Most people have heard the term “burnout”, and while that’s an important concept to understand in our fast paced world, a less commonly understood, but possibly more important, term is “secondary trauma”. Burnout is the result of general occupational stress, and anyone can become burnt out by their job; it can be the result of a brutal commute, a grueling schedule, or a lack of resources at work. Secondary trauma results from hearing about someone’s trauma, witnessing trauma or the aftermath, or repeating someone’s traumatic story. This is not exclusive to work the way burn out it, and can occur any time. Social workers, educators, nurses and other helping professions often have high incidences of secondary trauma, but you can also experience secondary trauma as a friend or family member.
The signs and symptoms of secondary trauma often mimic signs of burnout, general stress, and several other physical and psychological ailments. It is important to know the signs and symptoms of secondary trauma, particularly if you confront trauma regularly so that you can be aware of how this is impacting you. Signs and symptoms include difficulty concentrating, feeling “numb”, difficulty regulating emotional, feeling an overall loss of satisfaction, social isolation or withdrawal, changes in sleep, appetite or personal hygiene, and feeling detached from others. Additionally, those experiencing secondary trauma often also feeling an increased heart rate, shortness of breath, body aches, and an increase in physical illness such as frequent colds.

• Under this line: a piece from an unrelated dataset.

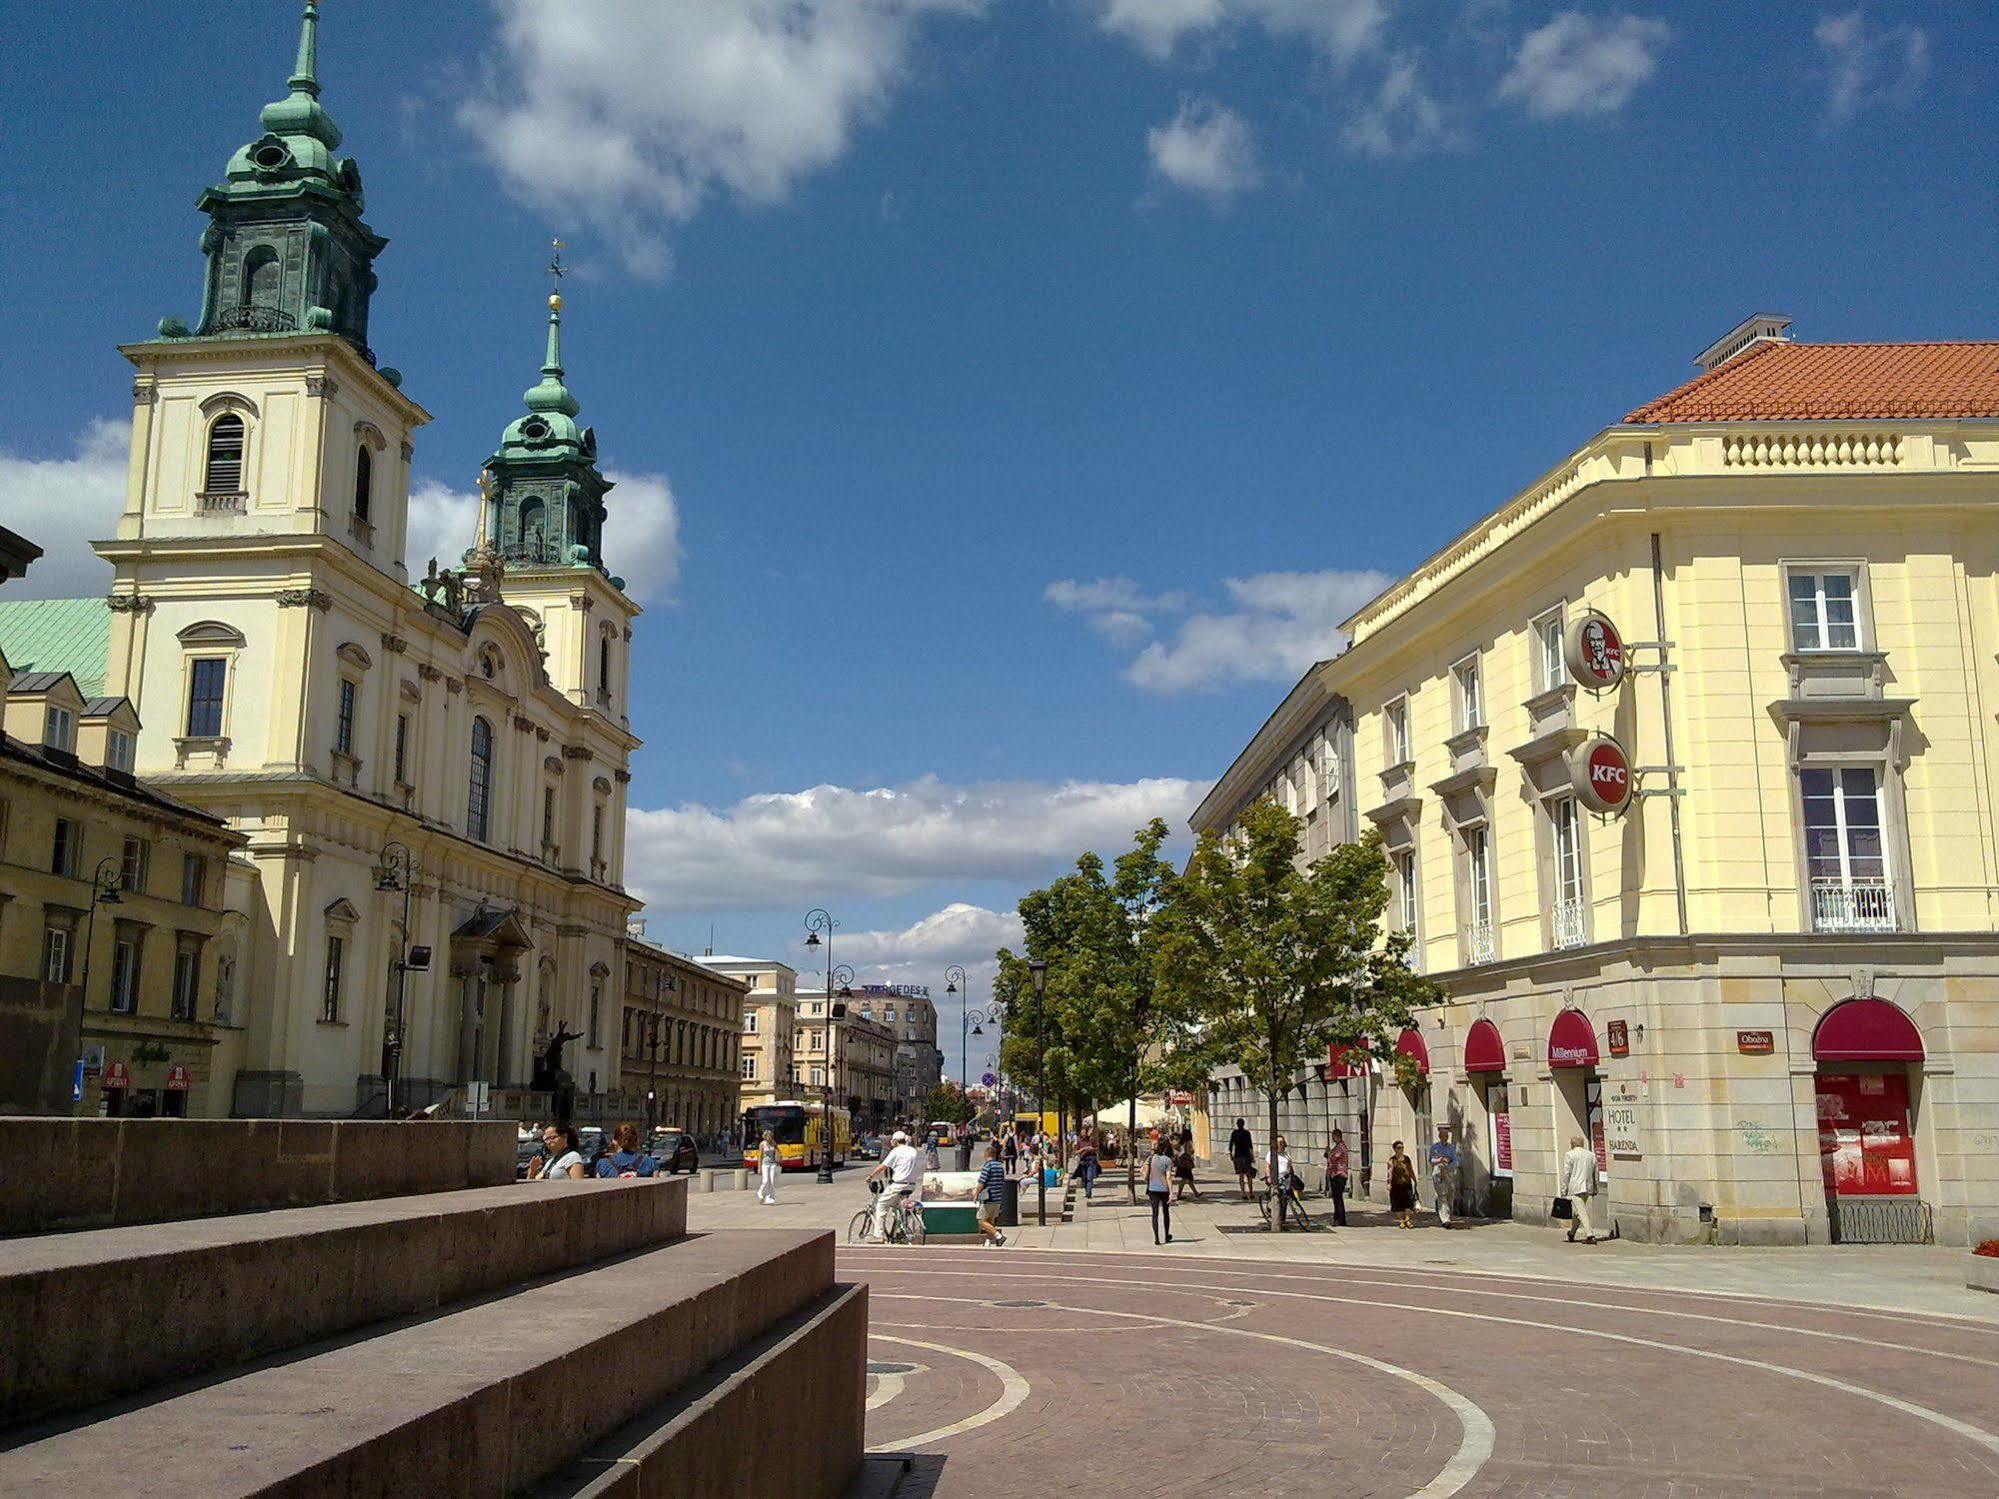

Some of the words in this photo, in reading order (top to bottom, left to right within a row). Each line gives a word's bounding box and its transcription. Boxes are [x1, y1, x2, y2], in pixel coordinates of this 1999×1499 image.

Further, secondary trauma can have far reaching consequences going beyond the environment in which you’ve confronted the trauma. People experiencing secondary trauma may also have difficulty with tension in relationships with coworkers, friends, and partners, poor boundaries, difficulty communicating, and a lack of energy to put into hobbies, interests, and socialization.
Addressing secondary trauma is going to look different for everyone, and to what extent it needs to be addressed is going to depend on when you recognize that you need to address this. The sooner you begin to mitigate the effects of secondary trauma, the better the outcome is going to be. Creating strong boundaries is chief among the strategies to address secondary trauma; this may look like strong boundaries between a daycare provider and the children and families she works with, clearing separating work and personal experiences, and now allowing work to infringe on personal boundaries. Maintaining a work-life balance is also important, as is having a realistic, go to plan for self.
Finally, your own experiences with trauma may lead you to be more susceptible to secondary trauma. It is important that if you have had any experiences with trauma yourself, you are taking the steps to meet with a therapist to address this. A therapist is again a safe space allowing you to connect how your past experiences and your current experiences are converging and leading to this secondary trauma response. It’s important for you to heal, and it can be scary to heal alone. A therapist can guide you and support you. Even if you have no experienced trauma yourself, you may find professional counseling valuable in addressing secondary trauma. It can be very easy to hold on to someone else’s pain, and very difficult to let it go. Additionally, a therapist can heal you to identify a reasonable, realistic self care plan, identify necessary boundaries, and work on communication.
Experiencing secondary trauma is common, and can be scary, but with diligence and awareness, with openness to treatment, you can overcome this experience and balance your life.